The Odyssey, an arduous journey

The Odyssey, an arduous journey

“These tears are human, they make me a man”. These profound words of mighty Odysseus rang through the Piccolo Teatro of Milan touching each audience member with a distinct lyrical force. Such is the arduous journey of The Odyssey. 

From October 6th-31st,The Odyssey, the ancient poem by Homer, co-produced by the Piccolo Teatro of Milan and the National Theatre of Greece in Athens, reinterpreted by the poet Simon Armitage and directed by Robert Wilson, comes to life on stage in Milan.

Performed completely in Greek, it was a delight not only for the eyes but ears. ExpoinCittà has the unique ability to bring together a multitude of events such as these. Languages, cultures, experiences all molded into one perception.

The Odyssey, is not necessarily a profound piece of work in relation to its prose, yet it is significant for the simple reason that it exists. Such is due to its antiquity and pervasiveness. It mesmerizes yet shocks us with its storytelling. From Odysseus with his bravey; to Penelope’s longing; to Calypso’s seduction and Athena’s guidance, every moment is intriguing simply based on the audience’s ability to stare at the relatable struggle of the human condition.

The poem’s protagonist, Odysseus, is constantly looking east towards Ithaca, hoping to return home after the Trojan war. With his vibrating utterances, “I am Odysseus, son of Laetes! Known the world over for cunning and strength!” shouting over and over again, presenting himself in all his glory. “And my home is Ithaca! I’ve got lost. I’ve got lost”. He is suffering from human desires amongst the presence of gods. “Tiresias will I ever reach home?” says Odysseus “Can you restrain the desires of your men?” replies Tiresias.

The New York Times has described director Robert Wilson as, “a towering figure in the world of experimental theater and an explorer of the uses of time and space on the stage”. Wilson’s talent was apparent in stage direction and establishing the visual vernacular connection between antiguity and modernity.

This performance was a visual vernacular of what Greek mythology and Odysseus would come to be in theatrical form. I particularly enjoyed how the actors exuded an over exaggeration of facial expressions, which were sometimes accompanied by staccato music, to draw the audience in to stare and achieve full expression of the present moment as well as the deterioration of it.  

The characters, especially Odysseus, presented themselves with almost robotic, statuesque movements. If was as if they were Greek statutes in human form. Each scene was a journey in itself. Accompanied by the use of light to emphasize the characters and use of dark to show their silhouettes. Moreover, it was clear the actors had a pure awareness of the human form. The alignment and posture of their bodies was impeccably elegant.
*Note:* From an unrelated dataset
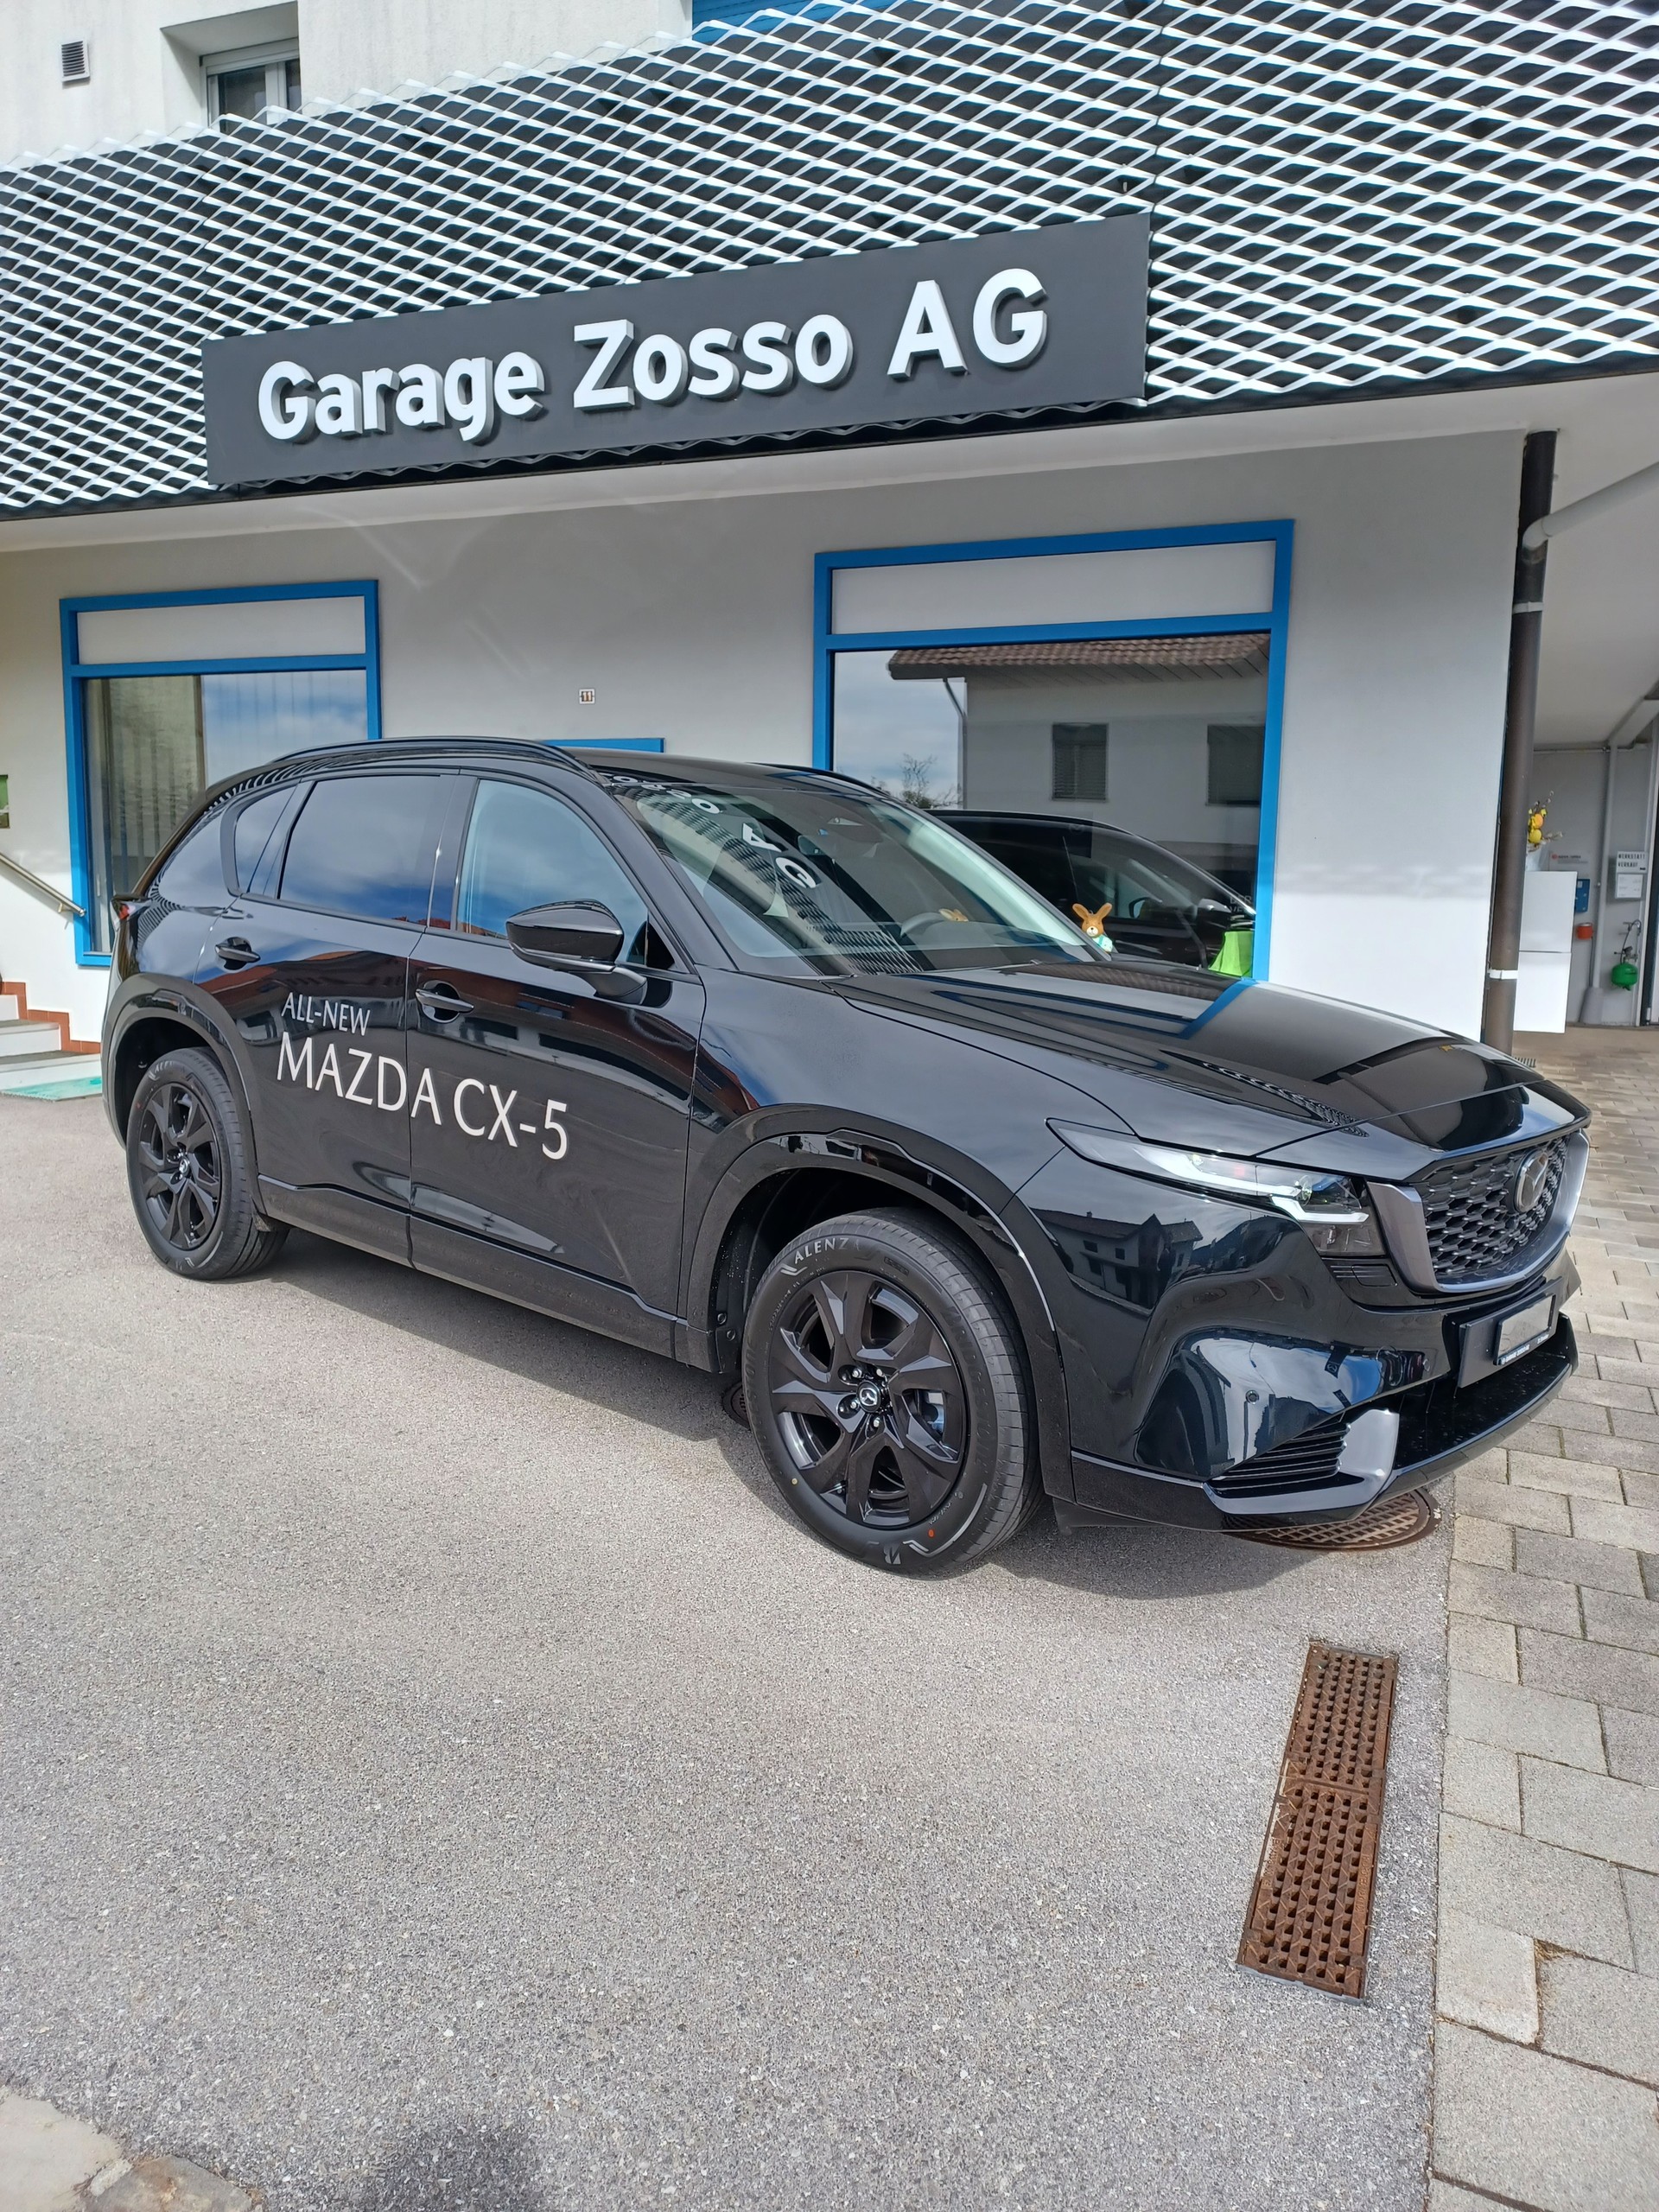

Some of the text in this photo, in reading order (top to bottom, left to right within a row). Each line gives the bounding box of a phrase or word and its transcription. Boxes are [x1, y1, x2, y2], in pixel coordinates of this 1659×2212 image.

[257, 267, 1047, 443] Garage Zosso AG
[281, 992, 371, 1036] ALL-NEW
[276, 1031, 569, 1160] MAZDA CX-5
In regards to the reinterpretation, Simon Armitage is a poet with a strong knowledge of the meaning of Homer’s prose. He enhanced the Homeric poem, transforming it into rich dialogues: between gods and men; from the brave Ulysses and his unmangeable companions and opponents. He has brought to life the great journey that is not only a poem but also the "story of stories". Each stanza is truly a poem within a poem.

Odysseus suffers many hardships, “I saw heads rise and sink, rise and sink then rise no more,” on his lamentation of losing his men at sea. Yet, on his arrival home to Ithaca, thanks to Athena, Odysseus finally finds peace, “You’re my home Penelope. You’re my Ithaca”. Such is why Milano is a place to BE.